An irreverent reboot of the late 1980s TV series that helped launch the career of Johnny Depp, 21 Jump Street only half-heartedly scratches the surface of the more intriguing comedy of young male anxiety at which it hints, preferring instead to target broader laughs. If it gets bogged down a bit in its dutiful inclusion of procedural and action hijinks, the movie still sails on the strength of some of its joke writing, and the chemistry and smart use of its stars, Channing Tatum and Jonah Hill. For the full, original review, from Screen International, click here. (Sony, R, 110 minutes)

Dr. Seuss’ The Lorax

A colorful, vivacious and faithful CG-animated adaptation of Dr. Seuss same-named children’s book, The Lorax delivers a peppy juvenile adventure along with an underlying ethical message that advises against greed and rampant overconsumption. Some talking heads on the far right side of the political spectrum have already decried this part of the movie as indoctrination, but the fairly innocuous moral slots in comfortably with a burgeoning eco-consciousness that should make the film a solid commercial performer with family audiences, even if it rather heartily leans on kid-pic conventions, and there’s a fundamental disconnect between story elements as discussed and actually rendered. For the full, original review, from Screen International, click here. (Universal, PG, 85 minutes)

The Forgiveness of Blood

Winner of the Silver Bear Award for Best Screenplay at last year’s Berlin Film Festival, The Forgiveness of Blood, from writer-director Joshua Marston (Maria Full of Grace), details a simmering contempt between two present day Albanian clans — think the Montagues and Capulets, minus any love story — that boils over into a blood feud that slowly rips a family apart when a land dispute leaves one man dead. Like 2009’s The Stoning of Soraya M and Ajami, as well as a small handful of other foreign films, Marston’s movie shines a light on religiously imputed dictums of punishment that may seem harsh (not to mention downright strange) to Western audiences, but does so in a way that never betrays the wider inclusiveness of its thematic inquiry.
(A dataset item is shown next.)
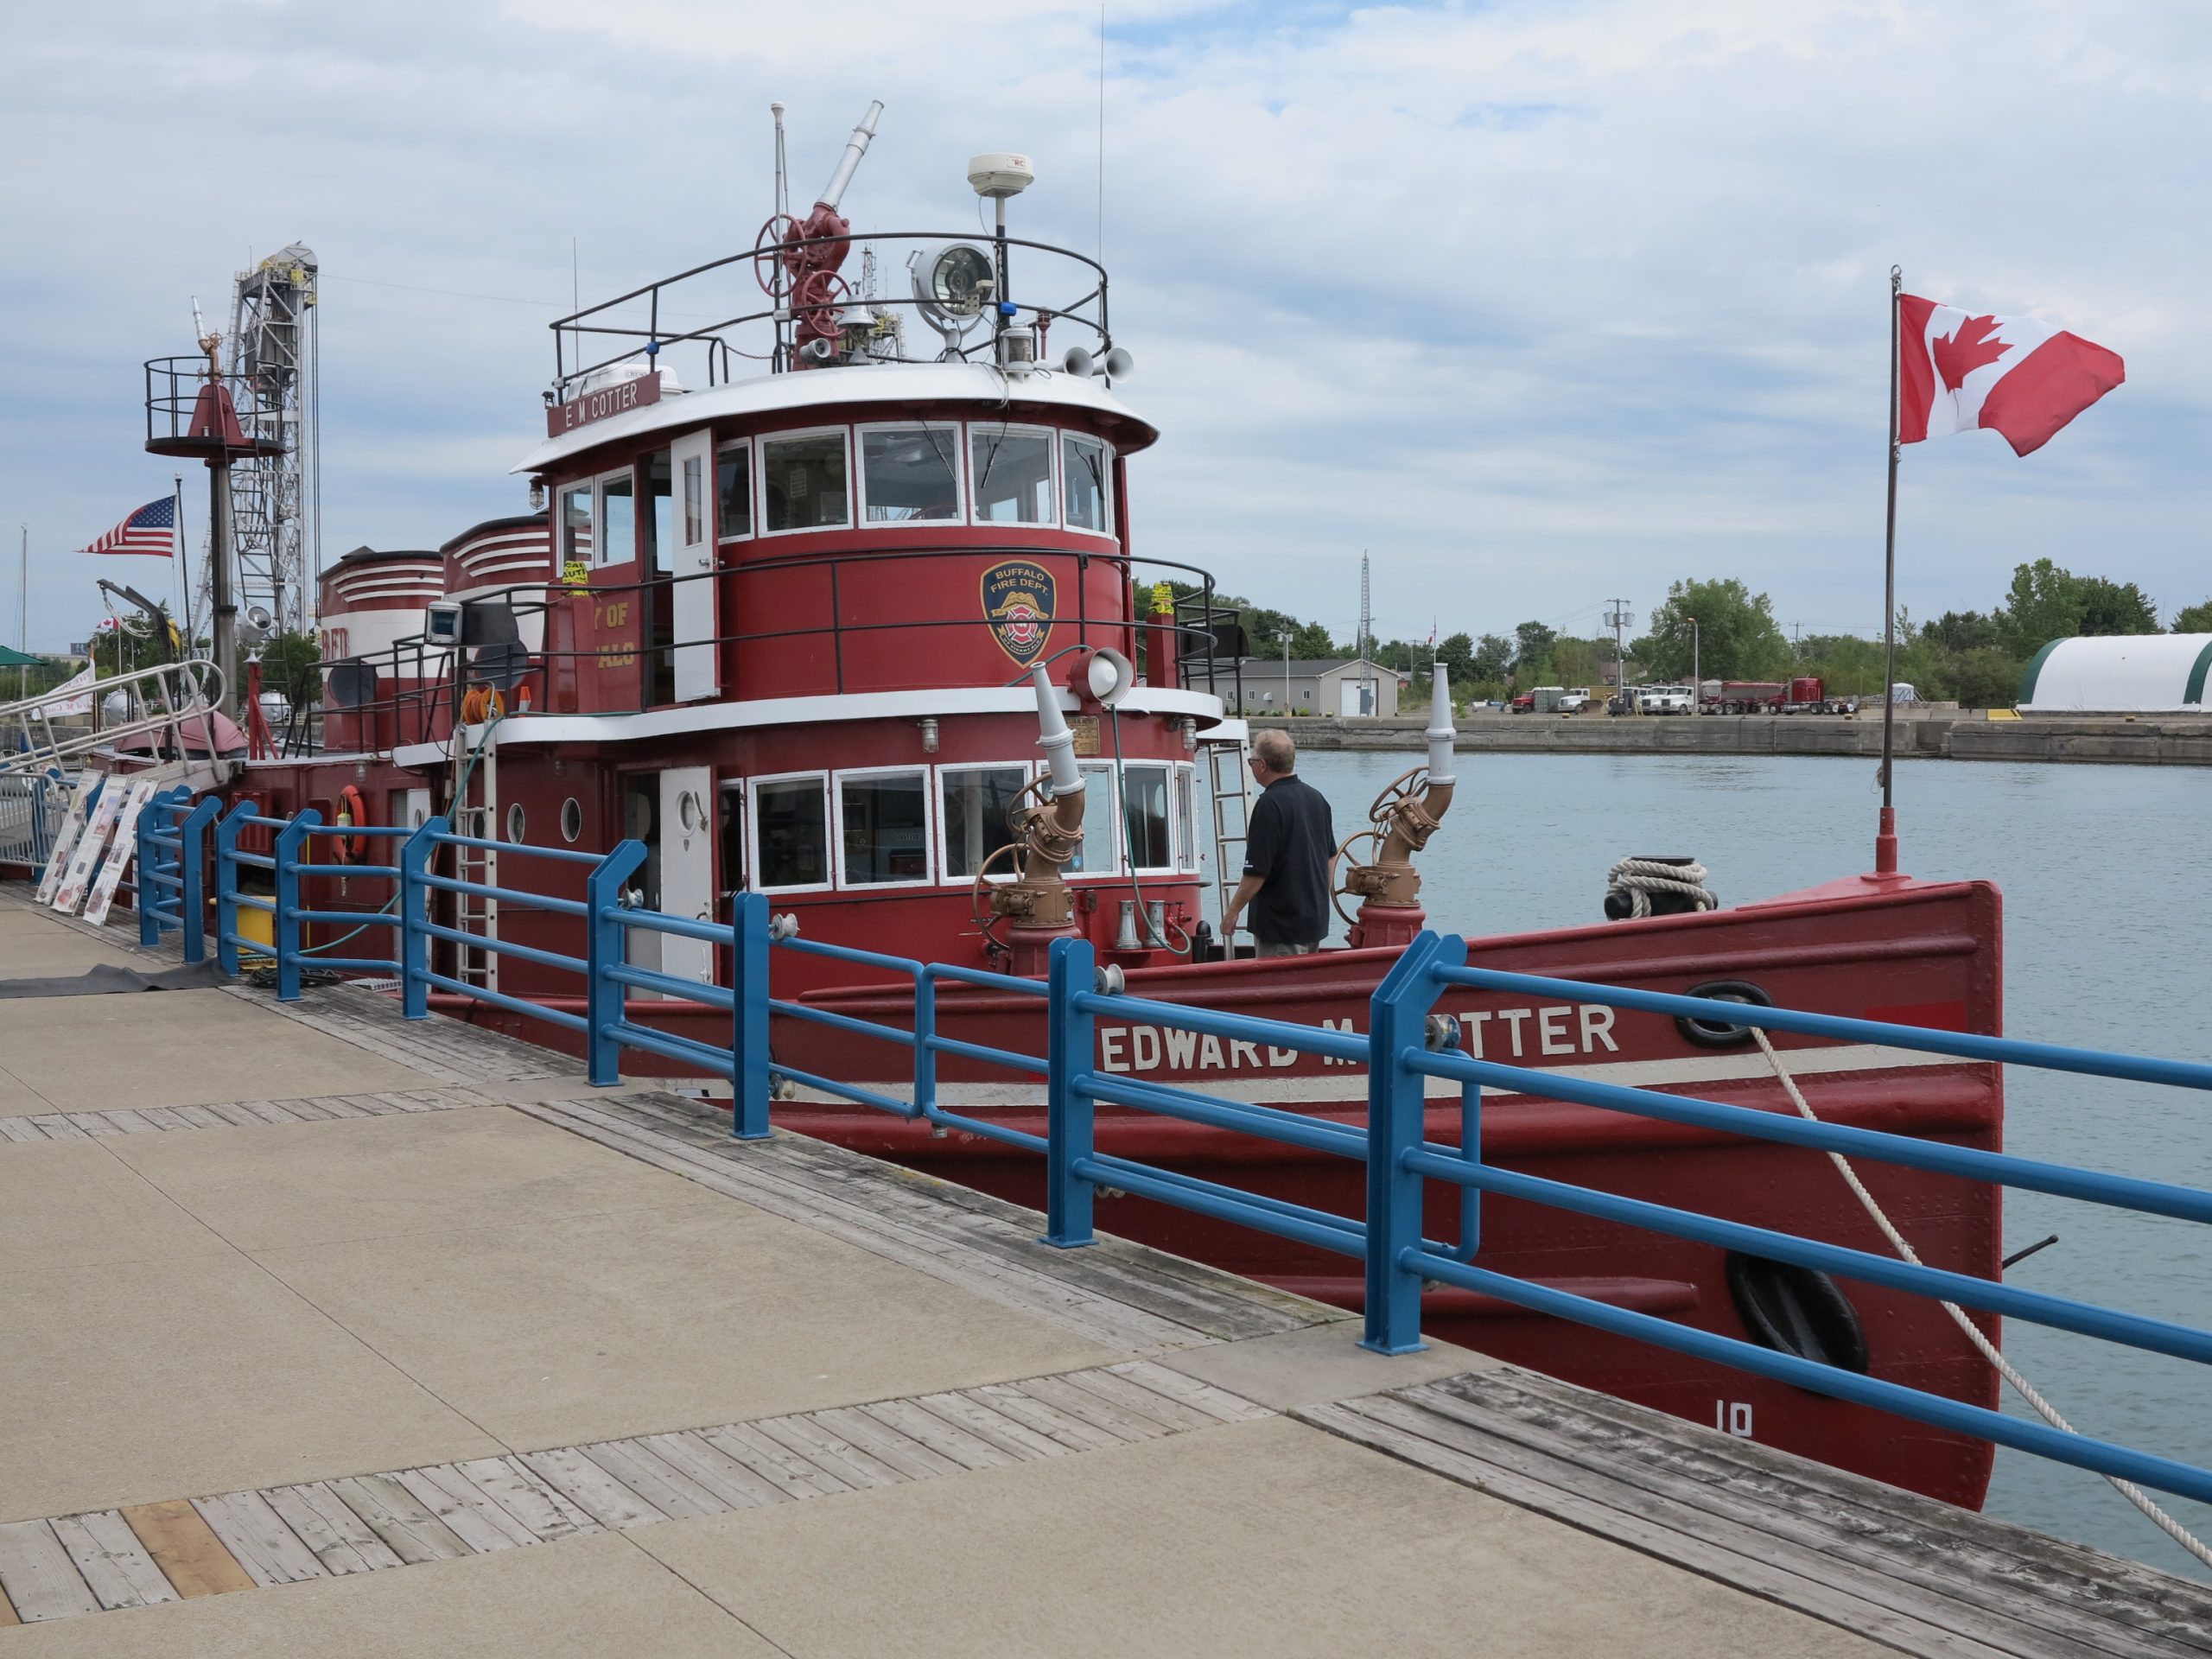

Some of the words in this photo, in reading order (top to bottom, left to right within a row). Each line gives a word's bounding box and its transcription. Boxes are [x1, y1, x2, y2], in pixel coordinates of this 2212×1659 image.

Movies like this and Asghar Farhadi’s Oscar-nominated A Separation — one of the best films of 2011, regardless of nationality — possess a special level of import and consequence beyond their simple narrative bonafides, because they underscore the universality of their conflicts and the fact that, governmental saber-rattling notwithstanding, young people of every ethnicity have an innate desire to quell the conflicts and divergences that so roil their parents. For the full, original review, from ShockYa, click here. (IFC Films/Sundance Selects, PG-13, 109 minutes)

Act of Valor

The long history of cooperation by the United States military with Hollywood productions lionizing their professionalism and technological/weaponry superiority reaches new heights in Act of Valor, a movie being marketed chiefly via its hook of using real, active-duty American special forces personnel. The relative strengths and weaknesses one might attach to such a tack are in abundant supply throughout. If the word propaganda strikes some as too punitive or uncomfortable a description, then the dramatically inert but generally well captured film, in its unerring, square-jawed patriotism and tidy action-oriented conflict resolution, is certainly the most expensive and exclusively sourced military recruitment video to date. For the full, original review, from Screen International, click here. (Relativity Media, PG-13, 101 minutes)

Thin Ice




A kind of mash-up, slightly more poker-faced version of some of the same snowy ethical dilemmas faced in A Simple Plan, Fargo and The Ice Harvest, crime dramedy Thin Ice delivers a winning, if rather drolly underplayed, black comedy that tosses its protagonist into a pit of moral quicksand, and then chronicles his flailing attempts to extricate himself. For the full, original review, from ShockYa, click here. (Art Takes Over, R, 94 minutes)

Rampart



By all accounts, Woody Harrelson, Ben Foster and director Oren Moverman developed an unusually strong bond during their work together on 2009’s The Messenger, a gritty, character-rooted drama about the difficulties and emotional turbulence faced by a pair of soldiers — one a veteran, one new to the assignment — who work as part of the Army’s notification team for the next of kin of deceased soldiers. The film netted Harrelson a Best Supporting Actor Oscar nomination (and a Best Original Screenplay nod to boot), and so the trio reteamed for Rampart, co-written and directed by Moverman, starring Harrelson, and co-produced by Foster, who also pops up in a small supporting role.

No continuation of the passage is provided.